— WHAT IS REQUIRED —
Each line from the one containing "this 1659×2212 image." through the end of the records below must be repeated exactly, and no other line.

Items from a data source
——

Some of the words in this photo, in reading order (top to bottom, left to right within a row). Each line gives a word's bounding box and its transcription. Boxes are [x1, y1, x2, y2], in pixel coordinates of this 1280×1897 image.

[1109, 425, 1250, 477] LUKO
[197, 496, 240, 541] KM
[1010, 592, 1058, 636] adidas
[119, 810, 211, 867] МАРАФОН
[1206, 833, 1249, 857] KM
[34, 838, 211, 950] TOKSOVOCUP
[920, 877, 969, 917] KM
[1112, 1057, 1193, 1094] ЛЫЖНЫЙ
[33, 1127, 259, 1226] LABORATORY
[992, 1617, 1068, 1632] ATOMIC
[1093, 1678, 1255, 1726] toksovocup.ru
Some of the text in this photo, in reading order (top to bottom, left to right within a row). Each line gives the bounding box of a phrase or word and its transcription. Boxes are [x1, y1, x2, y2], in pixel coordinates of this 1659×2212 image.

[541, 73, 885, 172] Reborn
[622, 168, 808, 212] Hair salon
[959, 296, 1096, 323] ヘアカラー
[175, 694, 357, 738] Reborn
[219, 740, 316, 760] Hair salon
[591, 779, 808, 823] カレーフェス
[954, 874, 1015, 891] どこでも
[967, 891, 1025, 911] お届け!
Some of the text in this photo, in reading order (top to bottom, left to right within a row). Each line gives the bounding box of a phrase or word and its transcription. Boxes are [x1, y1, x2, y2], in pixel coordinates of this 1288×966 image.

——

— RESULT OF THIS EXERCISE —
Some of the text in this photo, in reading order (top to bottom, left to right within a row). Each line gives the bounding box of a phrase or word and its transcription. Boxes are [x1, y1, x2, y2], in pixel coordinates of this 1659×2212 image.

[541, 73, 885, 172] Reborn
[622, 168, 808, 212] Hair salon
[959, 296, 1096, 323] ヘアカラー
[175, 694, 357, 738] Reborn
[219, 740, 316, 760] Hair salon
[591, 779, 808, 823] カレーフェス
[954, 874, 1015, 891] どこでも
[967, 891, 1025, 911] お届け!
Some of the text in this photo, in reading order (top to bottom, left to right within a row). Each line gives the bounding box of a phrase or word and its transcription. Boxes are [x1, y1, x2, y2], in pixel coordinates of this 1288×966 image.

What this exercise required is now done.